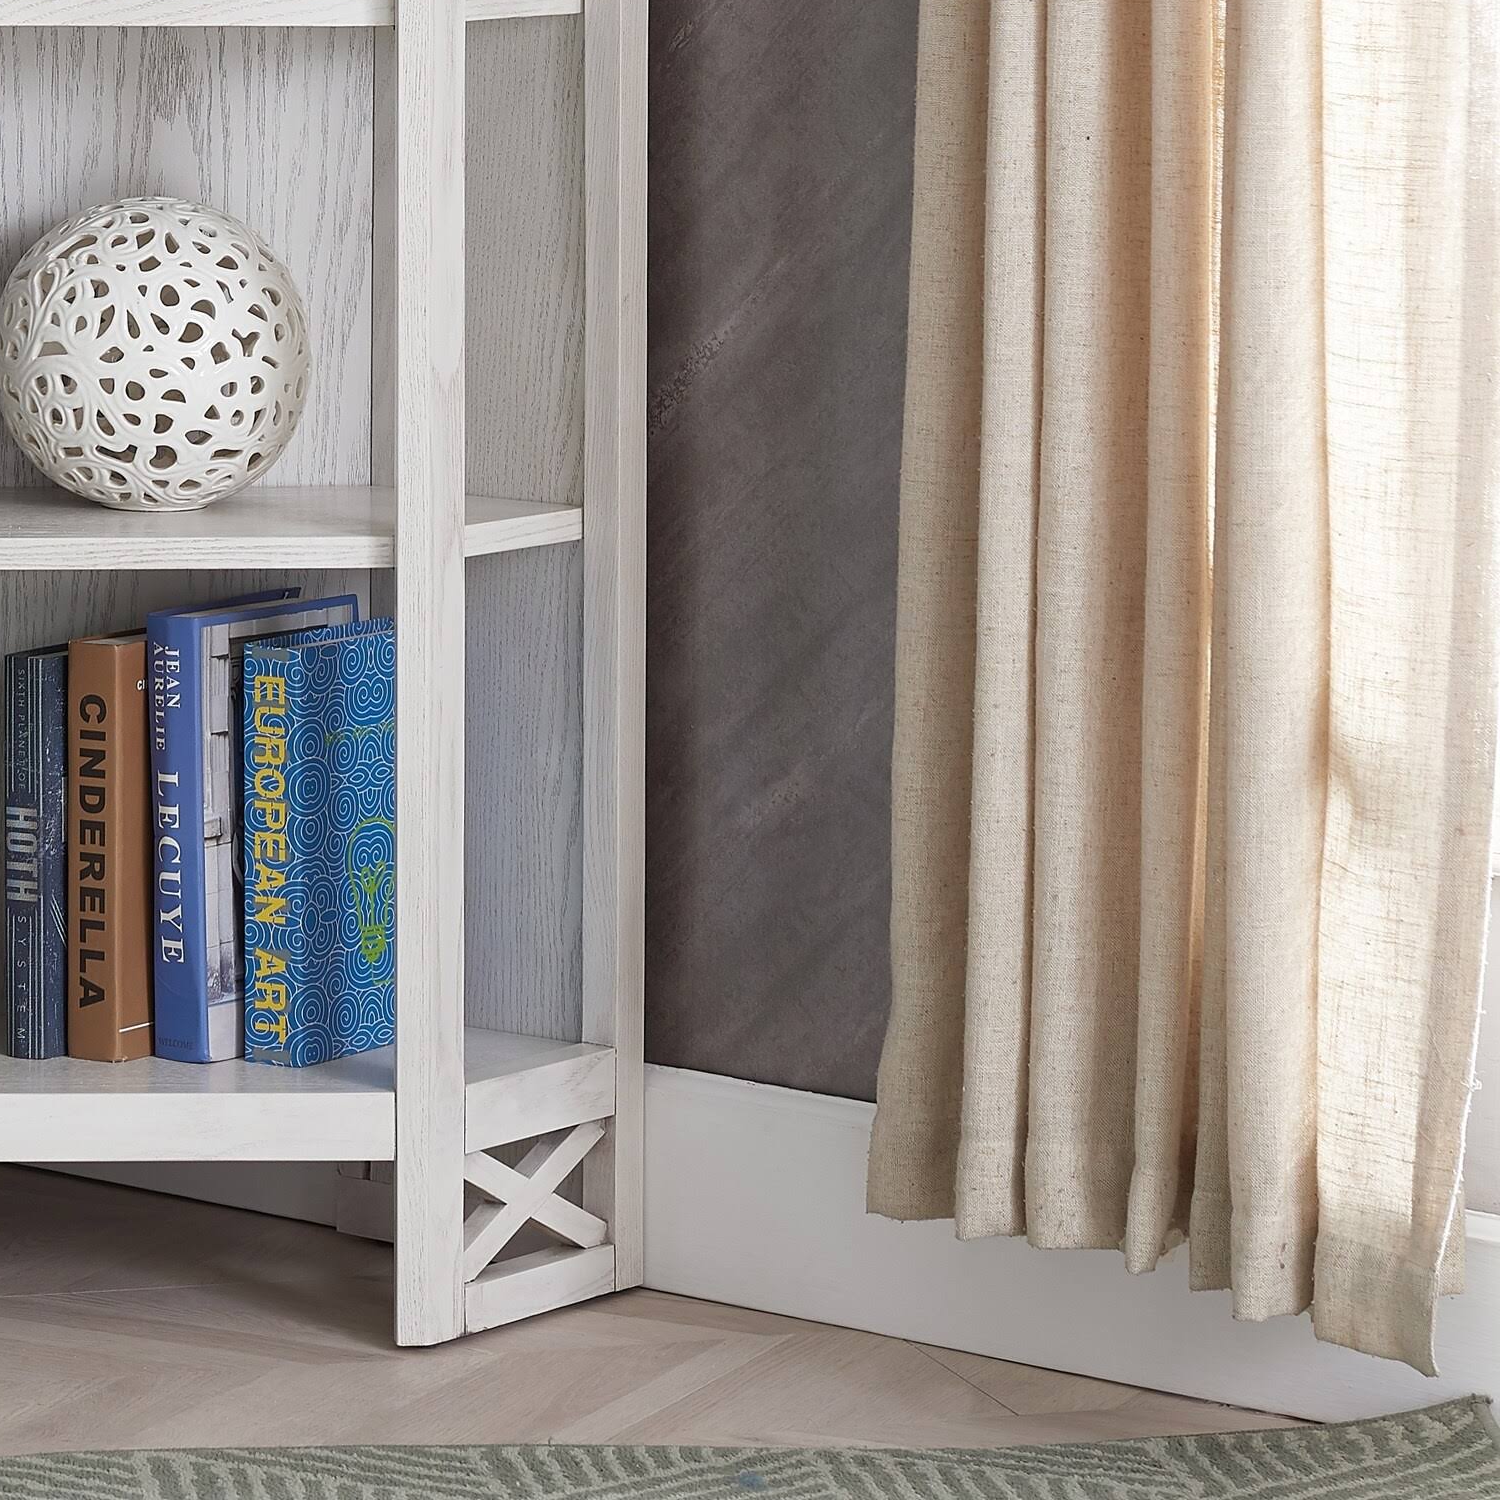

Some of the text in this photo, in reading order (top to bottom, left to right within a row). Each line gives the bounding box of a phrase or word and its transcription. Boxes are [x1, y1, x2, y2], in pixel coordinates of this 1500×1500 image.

[18, 669, 26, 708] SIXTH
[154, 642, 166, 750] AURELIE
[164, 646, 180, 709] JEAN
[6, 806, 38, 902] HOTH
[79, 694, 108, 1009] CINDERELLA
[157, 769, 186, 964] LECUYE
[254, 674, 288, 1044] EUROPEAN ART
[16, 916, 27, 1040] SYSTEM
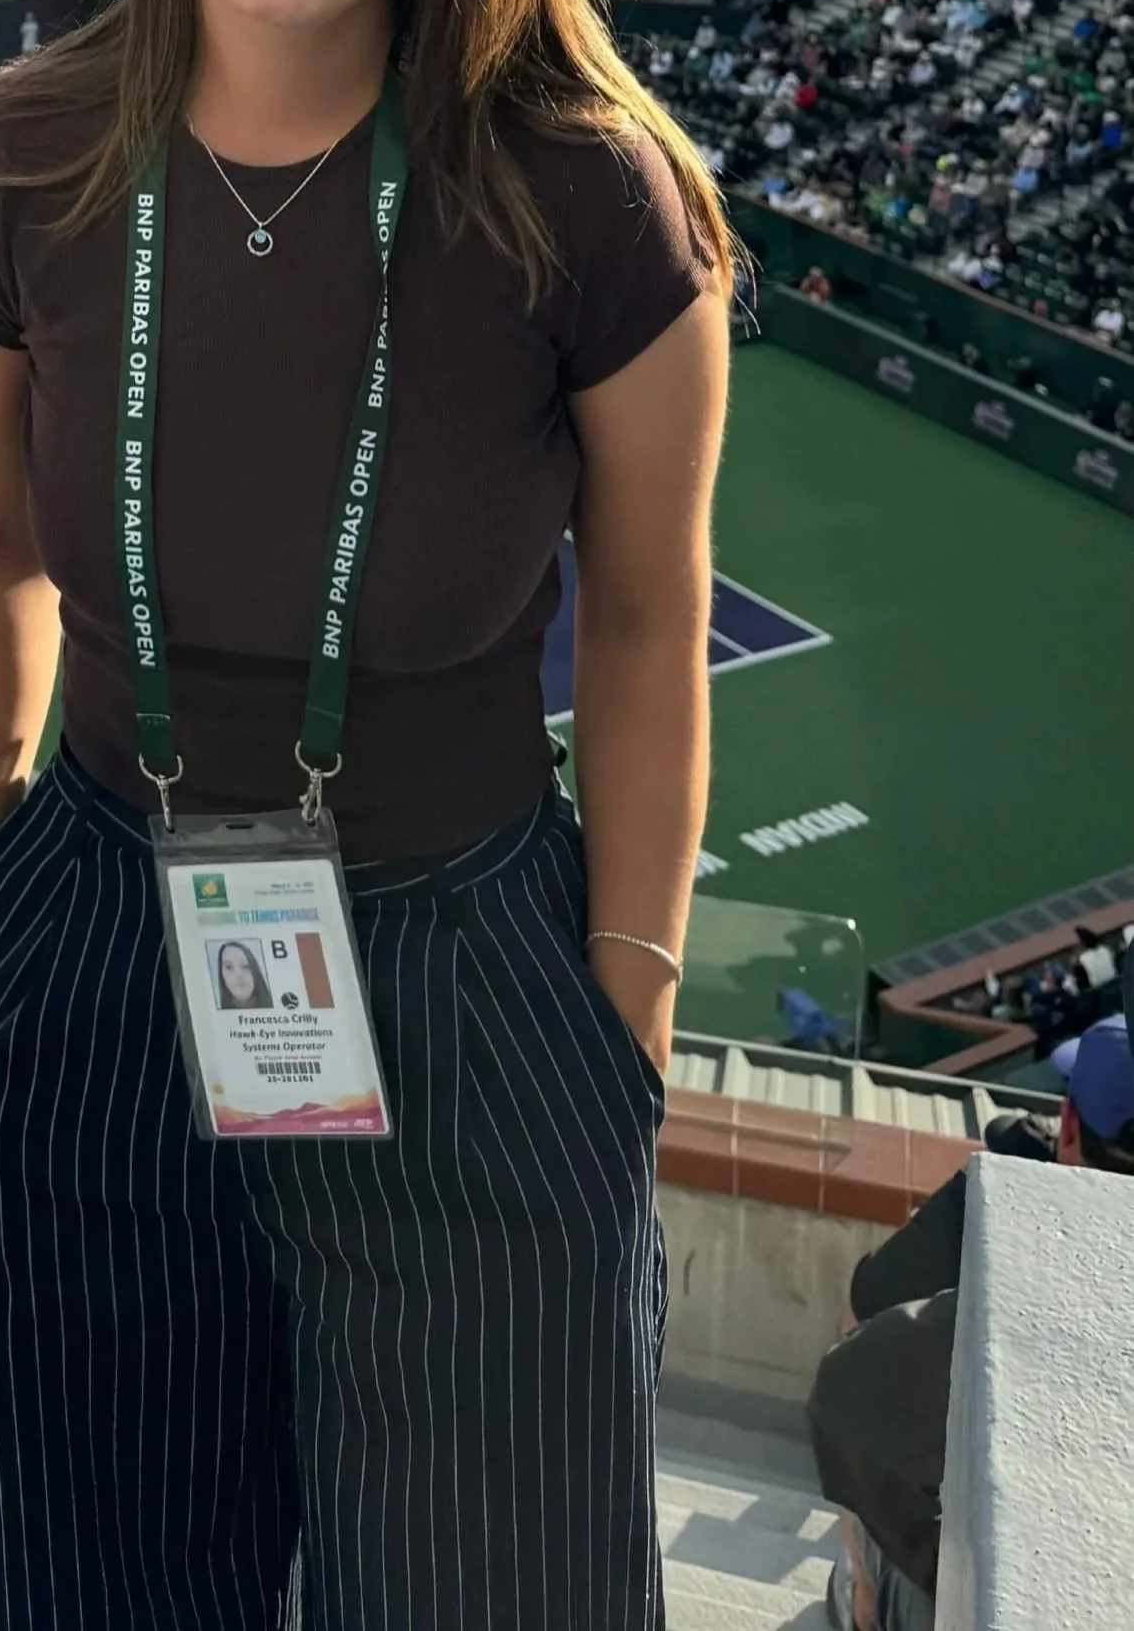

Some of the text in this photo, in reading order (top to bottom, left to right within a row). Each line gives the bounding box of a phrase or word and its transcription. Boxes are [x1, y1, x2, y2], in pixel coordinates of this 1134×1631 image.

[127, 193, 154, 418] BNP PARIBAS OPEN
[368, 357, 386, 408] BNP
[377, 181, 397, 243] OPEN
[124, 439, 156, 667] BNP PARIBAS OPEN
[321, 429, 377, 659] BNP PARIBAS OPEN
[271, 939, 288, 959] B
[229, 1029, 334, 1039] Hawk-Eye Innovations
[238, 1015, 289, 1025] Francesca
[243, 1042, 326, 1053] Systems Operator
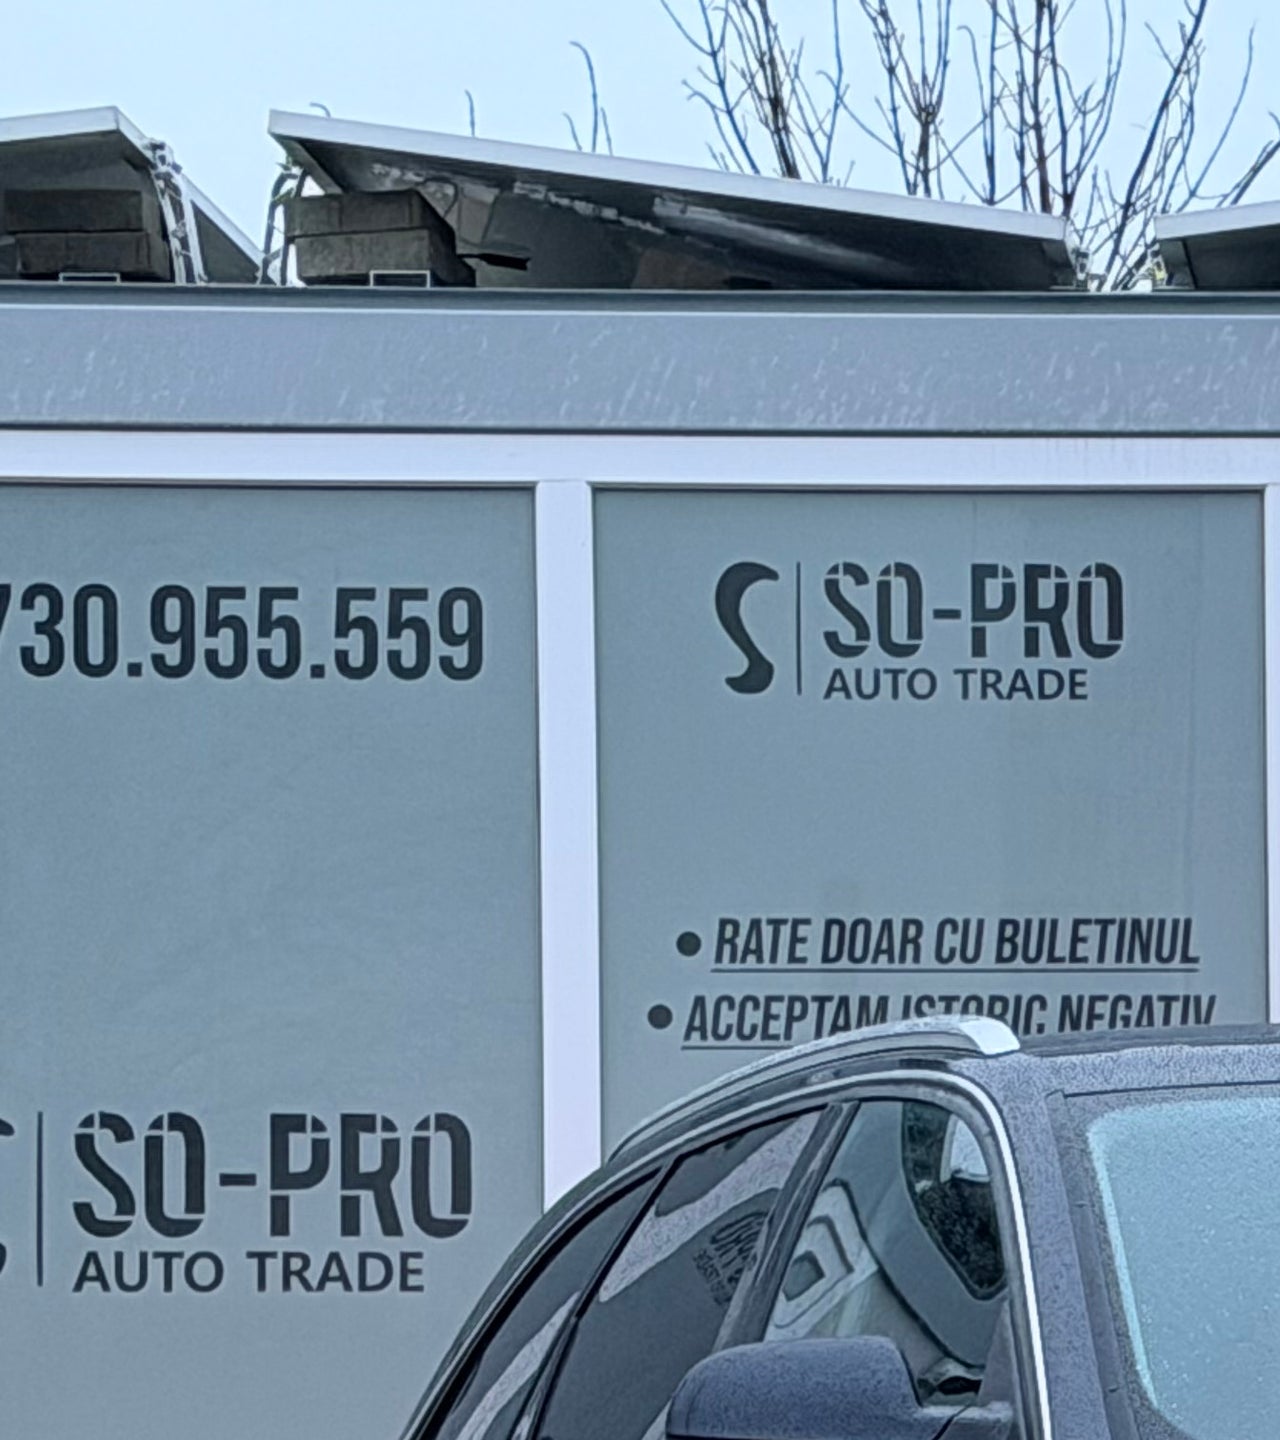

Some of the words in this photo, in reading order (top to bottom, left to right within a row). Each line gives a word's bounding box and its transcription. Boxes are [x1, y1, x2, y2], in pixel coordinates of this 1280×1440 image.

[823, 561, 1124, 659] SO-PRO
[823, 668, 937, 701] AUTO
[954, 668, 1088, 700] TRADE
[714, 917, 812, 965] RATE
[821, 918, 924, 965] DOAR
[933, 917, 985, 965] CU
[994, 917, 1200, 965] BULETINUL
[683, 994, 890, 1041] ACCEPTAM
[73, 1111, 472, 1239] SO-PRO
[72, 1250, 224, 1293] AUTO
[246, 1250, 425, 1293] TRADE

- Your assignment
Write out the whole listing above exactly, minus images.

- Answer to the exercise
Some of the text in this photo, in reading order (top to bottom, left to right within a row). Each line gives the bounding box of a phrase or word and its transcription. Boxes are [x1, y1, x2, y2], in pixel coordinates of this 1500×1500 image.

[18, 669, 26, 708] SIXTH
[154, 642, 166, 750] AURELIE
[164, 646, 180, 709] JEAN
[6, 806, 38, 902] HOTH
[79, 694, 108, 1009] CINDERELLA
[157, 769, 186, 964] LECUYE
[254, 674, 288, 1044] EUROPEAN ART
[16, 916, 27, 1040] SYSTEM

Some of the text in this photo, in reading order (top to bottom, left to right within a row). Each line gives the bounding box of a phrase or word and its transcription. Boxes are [x1, y1, x2, y2], in pixel coordinates of this 1134×1631 image.

[127, 193, 154, 418] BNP PARIBAS OPEN
[368, 357, 386, 408] BNP
[377, 181, 397, 243] OPEN
[124, 439, 156, 667] BNP PARIBAS OPEN
[321, 429, 377, 659] BNP PARIBAS OPEN
[271, 939, 288, 959] B
[229, 1029, 334, 1039] Hawk-Eye Innovations
[238, 1015, 289, 1025] Francesca
[243, 1042, 326, 1053] Systems Operator

Some of the words in this photo, in reading order (top to bottom, left to right within a row). Each line gives a word's bounding box and its transcription. Boxes are [x1, y1, x2, y2], in pixel coordinates of this 1280×1440 image.

[823, 561, 1124, 659] SO-PRO
[823, 668, 937, 701] AUTO
[954, 668, 1088, 700] TRADE
[714, 917, 812, 965] RATE
[821, 918, 924, 965] DOAR
[933, 917, 985, 965] CU
[994, 917, 1200, 965] BULETINUL
[683, 994, 890, 1041] ACCEPTAM
[73, 1111, 472, 1239] SO-PRO
[72, 1250, 224, 1293] AUTO
[246, 1250, 425, 1293] TRADE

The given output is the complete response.